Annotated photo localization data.
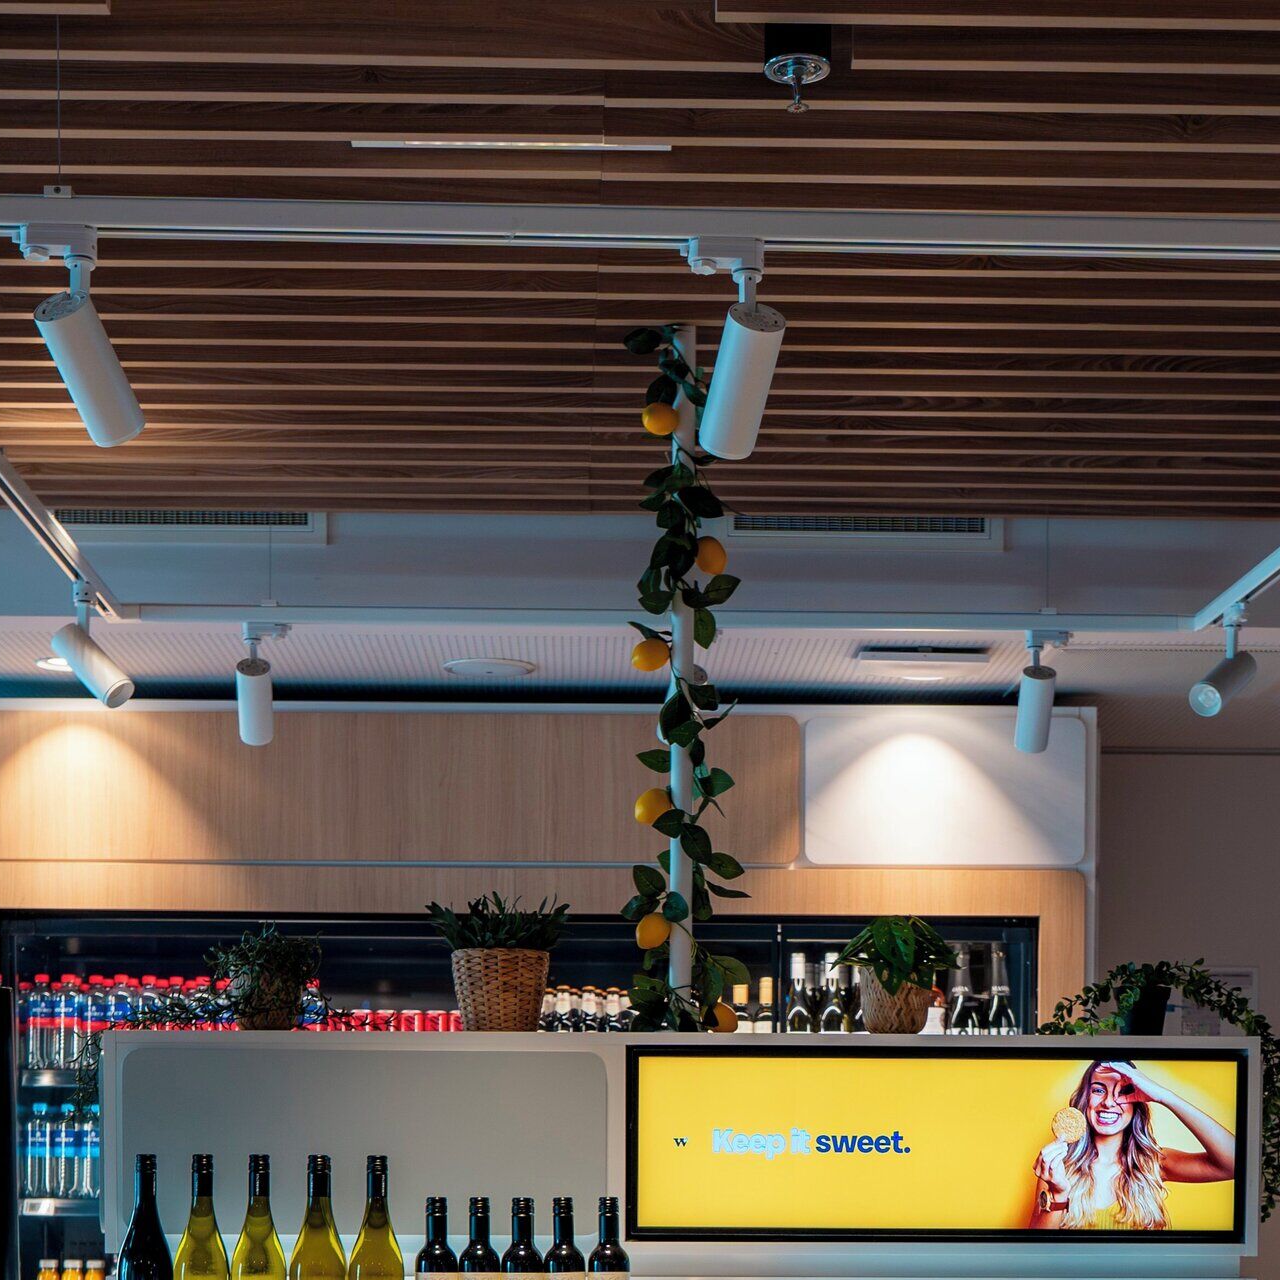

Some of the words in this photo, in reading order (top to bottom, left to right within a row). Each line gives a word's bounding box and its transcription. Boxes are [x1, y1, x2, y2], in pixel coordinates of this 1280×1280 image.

[713, 1128, 786, 1160] Keep
[790, 1127, 811, 1154] it
[815, 1130, 911, 1154] sweet.
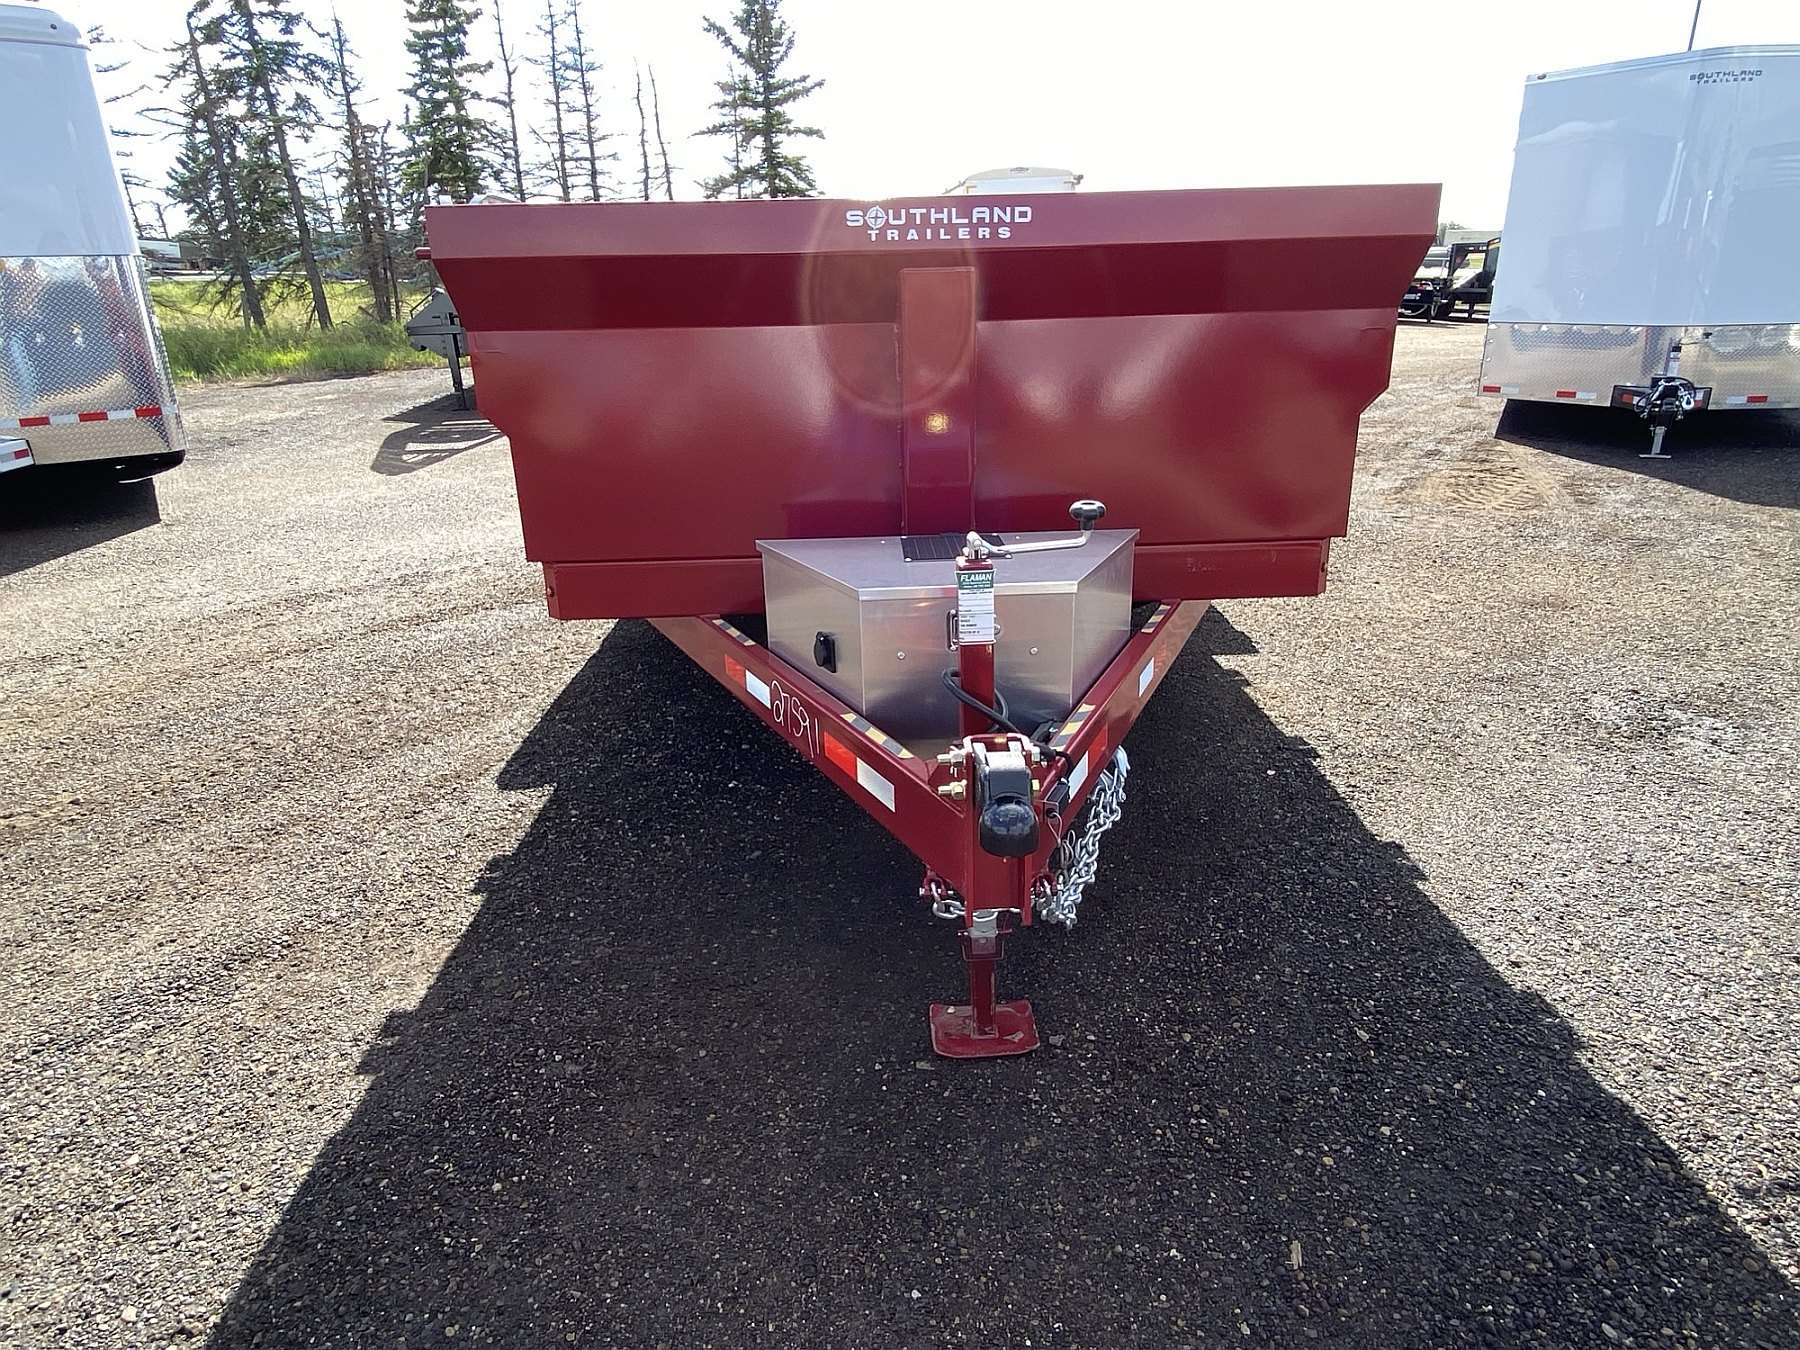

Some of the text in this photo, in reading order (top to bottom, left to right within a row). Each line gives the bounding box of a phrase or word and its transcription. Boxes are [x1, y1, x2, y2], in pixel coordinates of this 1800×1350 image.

[1689, 70, 1763, 81] SOUTHLAND
[845, 205, 1032, 228] SOUTHLAND
[867, 227, 1011, 242] TRAILERS
[960, 573, 992, 582] FLAMAN

WHAT THE EXERCISE ASKS.
From the line containing "Some of the text" down to the last line of the records above, print every line exactly, with both ends kept.

ANSWER SPACE.
Some of the text in this photo, in reading order (top to bottom, left to right within a row). Each line gives the bounding box of a phrase or word and its transcription. Boxes are [x1, y1, x2, y2], in pixel coordinates of this 1800×1350 image.

[1689, 70, 1763, 81] SOUTHLAND
[845, 205, 1032, 228] SOUTHLAND
[867, 227, 1011, 242] TRAILERS
[960, 573, 992, 582] FLAMAN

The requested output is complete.